Ginger rang up a map of Portugal. Portugal? "You were going to leave at six."
"I won't desert you. No, sir, that's out of stock." I told the man, who looked like the
stereotype of an accountant, that we might have copies of Llewellyn's poems by the end of the
week. I recommended H.D. if he liked imagist poetry. He left without H.D. I wondered whether
he'd have bought Ma's latest if he'd known she was Llewellyn's literary executor.
So it went. We didn't have time to eat. The TV camera and its auxiliaries left by three,
the better to make the five o'clock news, but they were replaced by a dozen assorted children on
bikes and skateboards.

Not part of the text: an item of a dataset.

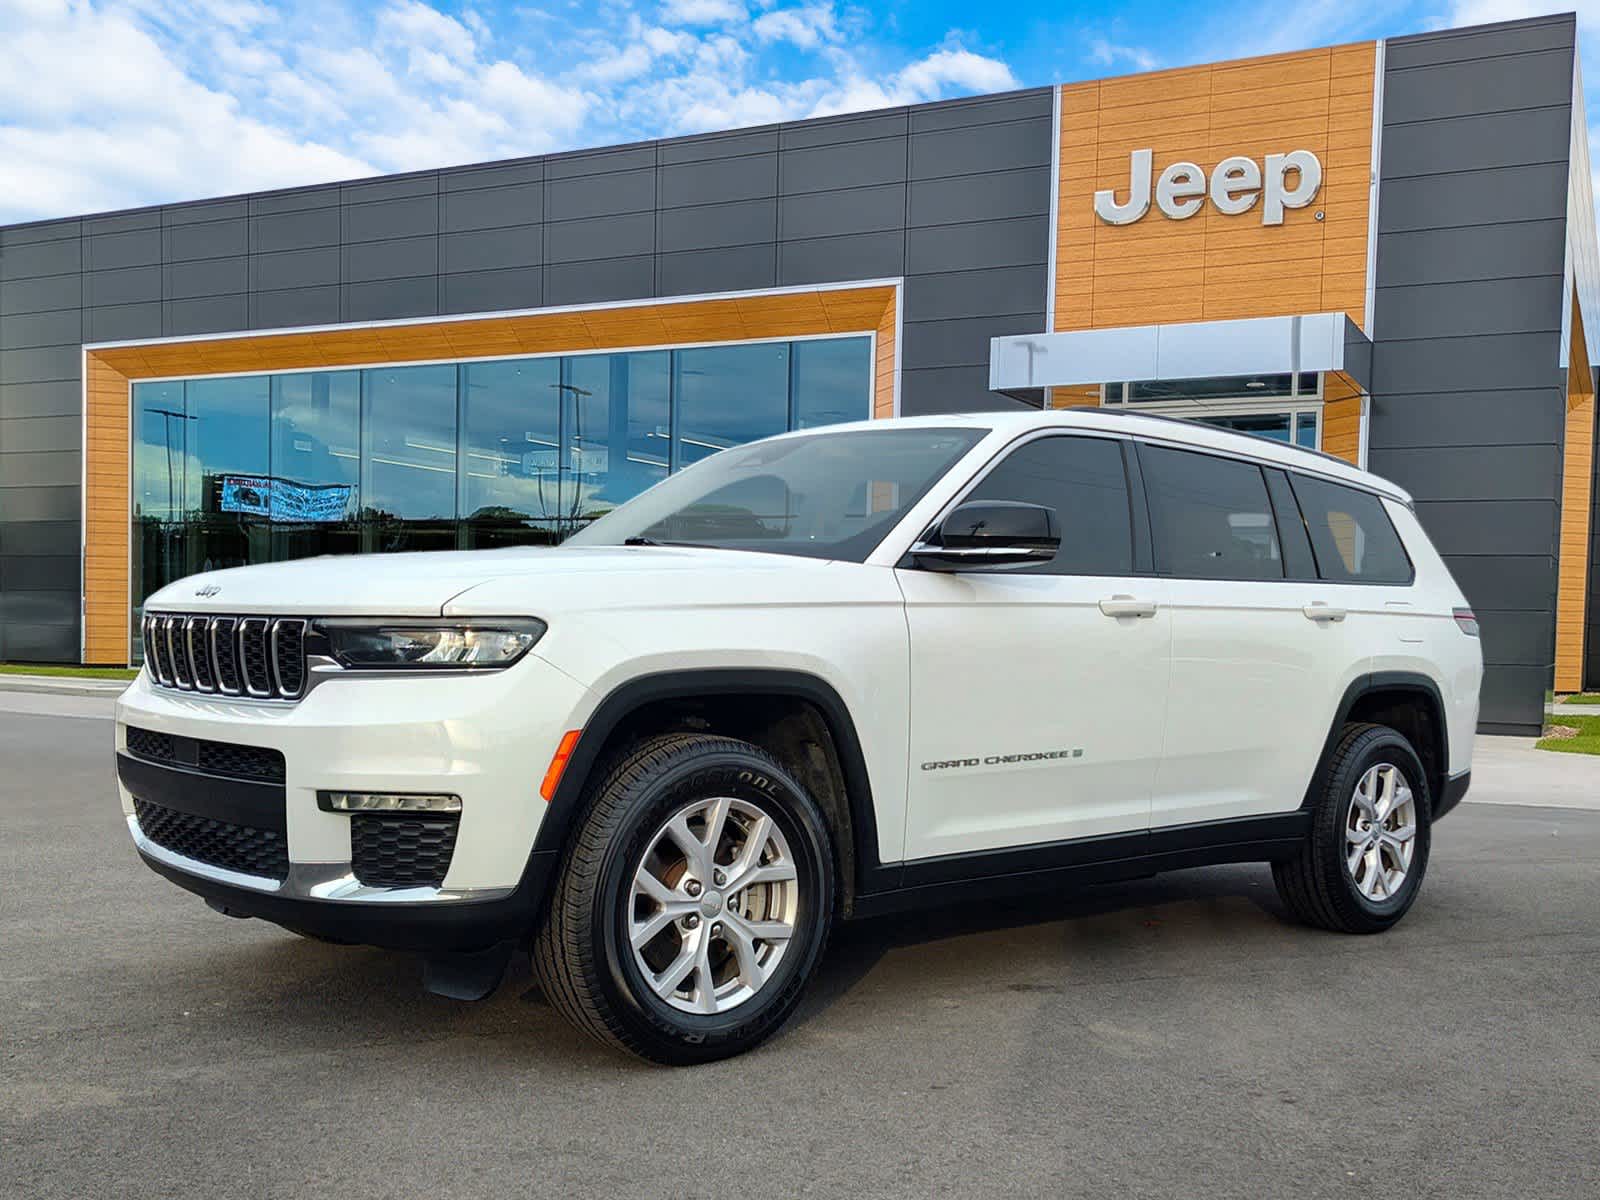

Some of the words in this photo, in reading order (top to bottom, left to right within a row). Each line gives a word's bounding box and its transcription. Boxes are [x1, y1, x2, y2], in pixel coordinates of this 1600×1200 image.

Two teenaged girls rode up bareback on a roan horse, and sat and stared.
The horse crapped on the asphalt. Dozens of cars drove by, some with bad mufflers, all with
gawkers. The reporter's camper stayed. The "customers" kept coming.

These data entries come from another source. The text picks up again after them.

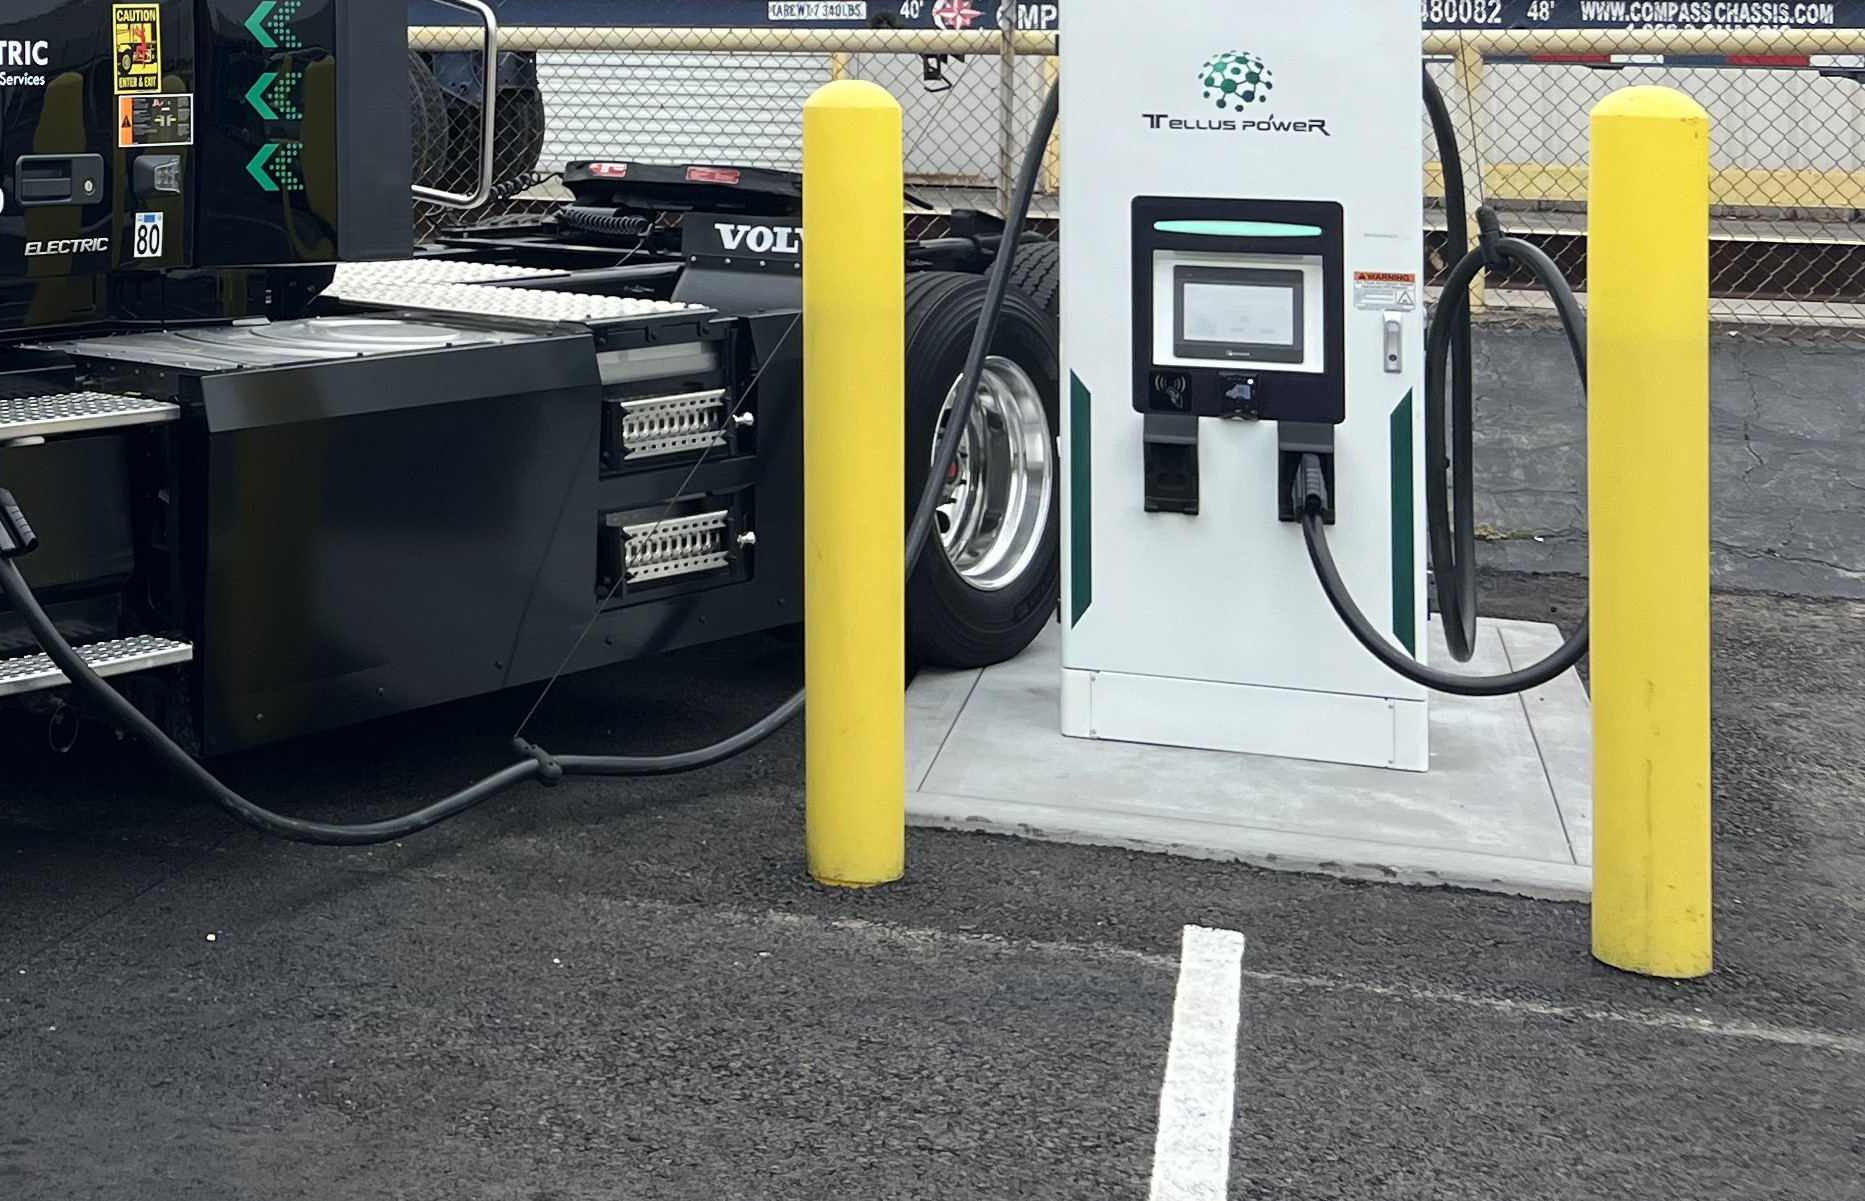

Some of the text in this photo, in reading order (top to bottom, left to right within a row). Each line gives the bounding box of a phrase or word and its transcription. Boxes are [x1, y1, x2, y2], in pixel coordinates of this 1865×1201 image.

[116, 10, 156, 22] CAUTION
[0, 72, 46, 88] Services
[24, 237, 109, 257] ELECTRIC
[136, 224, 160, 255] 80
[714, 223, 803, 254] VOL

None of the intruders who entered the store had anything intelligent or even kind to say,
but about half had enough shame to think they had to buy something. One non-buyer handed me
a tract about the wages of sin. I told her the Bible Life Bookstore's address on Main Street. She
called me a jezebel, on what grounds I know not, and flounced out, having exercised her First
Amendment rights.
Ginger stayed with me. At five minutes to nine I dimmed the lights, and by nine-fifteen I
had rung up the last sale, a school-year calendar boosting the Monte J.C. Women's Athletics
Program. I yanked the shades down and locked the front door.
Ginger and I looked at each other. "Phew," she said.
"Let's total out the register. Can you take the money to the night deposit?"
She nodded. "Dennis is picking me up."
"Thanks. Thanks for staying, too. I'm going to have to put in an emergency order with
the supplier in Sacramento." And hope he could get me a dozen copies of Llewellyn's Collected Poems at $29.50 retail.
"Were you serious about closing the store tomorrow?"
"Absolutely. It's Sunday. All the religionists in the county would come in and lecture me
and feel righteous about not buying anything. Besides, I think I ought to close. Staying open isn't
respectful."
She raised her eyebrows. "How about Monday?"
"Monday will be business as usual. Well, not quite. You'd better count on a one to nine
shift all of next week, though I'll close again for a half-day if the funeral is held here. I don't
imagine it will be. Llewellyn lived in San Francisco."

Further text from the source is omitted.